AD is the name of the company that was born under the auspices of Dinamic and Dro, with the aim of creating conversational adventures. It was formed by a fixed basic team of programmers and illustrators, and also had sporadic collaborators.

Aventuras AD was a Spanish video game company located in Valencia and dedicated exclusively to the production of conversational adventures. It was the only professional company dedicated exclusively to this genre and one of the most representative of the so-called golden age of Spanish software, in the 1980s. In addition to the production of adventures, they translated the PAWS parser into Spanish, which, together with the announcement of the MicroHobby adventure contest and the creation of the AD Adventure Club contributed enormously to the spread of the genre in Spain and the creation of hundreds of non-professional adventures.

The company arose from a first adventure created by Andrés Samudio and Carlos Marqués with The Quill: La Diosa de Cozumel. Andrés Samudio sent his adventure to Dinamic for his distribution (under the Samusoft label).
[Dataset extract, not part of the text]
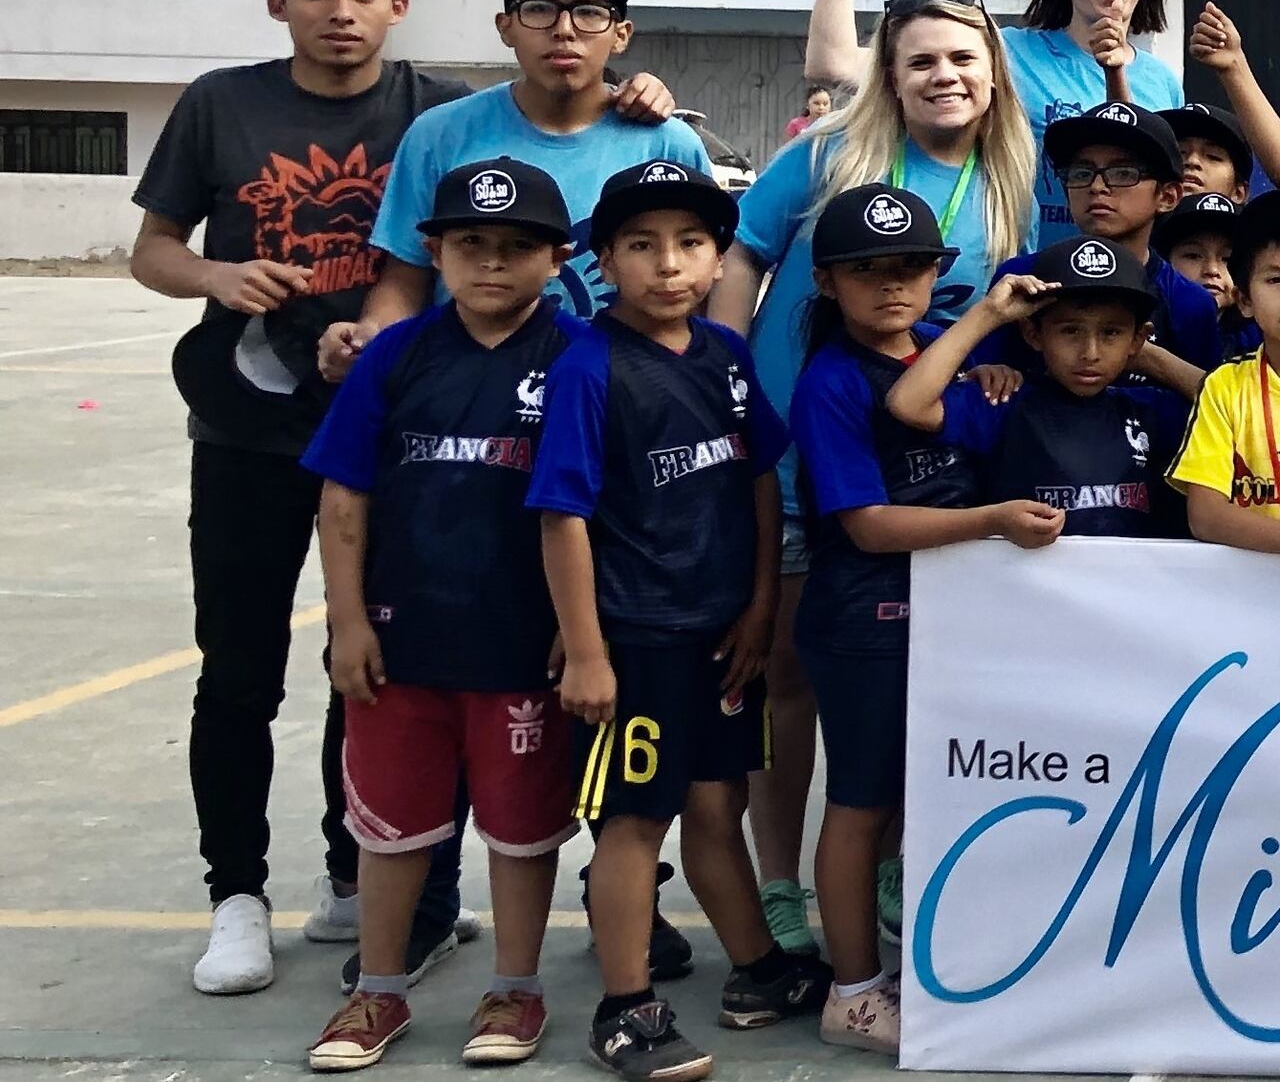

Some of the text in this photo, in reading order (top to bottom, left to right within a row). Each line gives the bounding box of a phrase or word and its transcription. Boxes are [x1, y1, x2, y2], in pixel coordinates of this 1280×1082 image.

[511, 727, 543, 755] 03
[624, 715, 660, 784] 6
[947, 738, 1111, 785] Make a
However, Dinamic was looking to strengthen its conversational adventure division with a team of exclusively dedicated authors such as Fabián Escalante, Nicolás Lecuona, Pedro José Rodríguez Larrañaga, and finally they agreed with Samudio to create an independent subsidiary company dedicated to adventures. Samudio bought the AD brand from Dinamic and registered the new company under the name of Aventuras AD S.A., rented offices and expanded the staff by looking for its own programmers and graphic artists and assuming the production costs of future adventures, leaving Dinamic and Dro Soft (the distributor of Dinamic) only the commitment to market a certain number of adventures of the new company per year. The next to join were Manolo González and Juan Antonio Darder, both as programmers, although the second went on to work as a graphic designer after showing his work on site. Later Paco Zarco would join as graphic artist and Juan Manuel Medina as programmer (replacing Manolo González). Other graphic artists and illustrators were hired punctually in some adventures. The first shareholders of the company were the programmers themselves. Initially, Andrés Samudio's idea was for the company to be open to the collaboration of other programmers and graphic designers as freelancers.

First projects

Among the new company's first projects was its own version of The Original Adventure and the adventure The Goddess of Cozumel. In addition, Andrés Samudio cites Carvalho as a future project in an interview (an adventure that Dinamic would eventually publish independently of Aventuras AD). In the same interview he talks about a parody of Indiana Jones entitled In Search of the Lost Harp and another of Don Quixote, as future projects (which would never see the light of day). Also from the beginning, the project of translating and marketing the PAWS parser in Spanish was raised. Apparently one of the first works undertaken by AD was the conversion to Atari ST of some Dinamic adventures such as Don Quixote or Carvalho

The first adventure written by Andrés Samudio (The Goddess of Cozumel) was originally programmed with The Quill, which is how it was sent to Dinamic. However, after the agreement between Dinamic and Andrés Samudio to create the subsidiary dedicated to adventures, he traveled to Wales where he met with Tim Gilberts (creator of PAWS), who convinced them to program an exclusive parser for AD (DAAD, acronym for AD Adventure Designer) that would allow the conversion of the adventures to the different computer models on the market. This is how Gilberts was hired by Aventuras AD during the following year to develop the programming tool and teach the AD team how to use it. The price of the DAAD was more than two and a half million pesetas, and thanks to it the AD team expected to publish an average of ten adventures per year.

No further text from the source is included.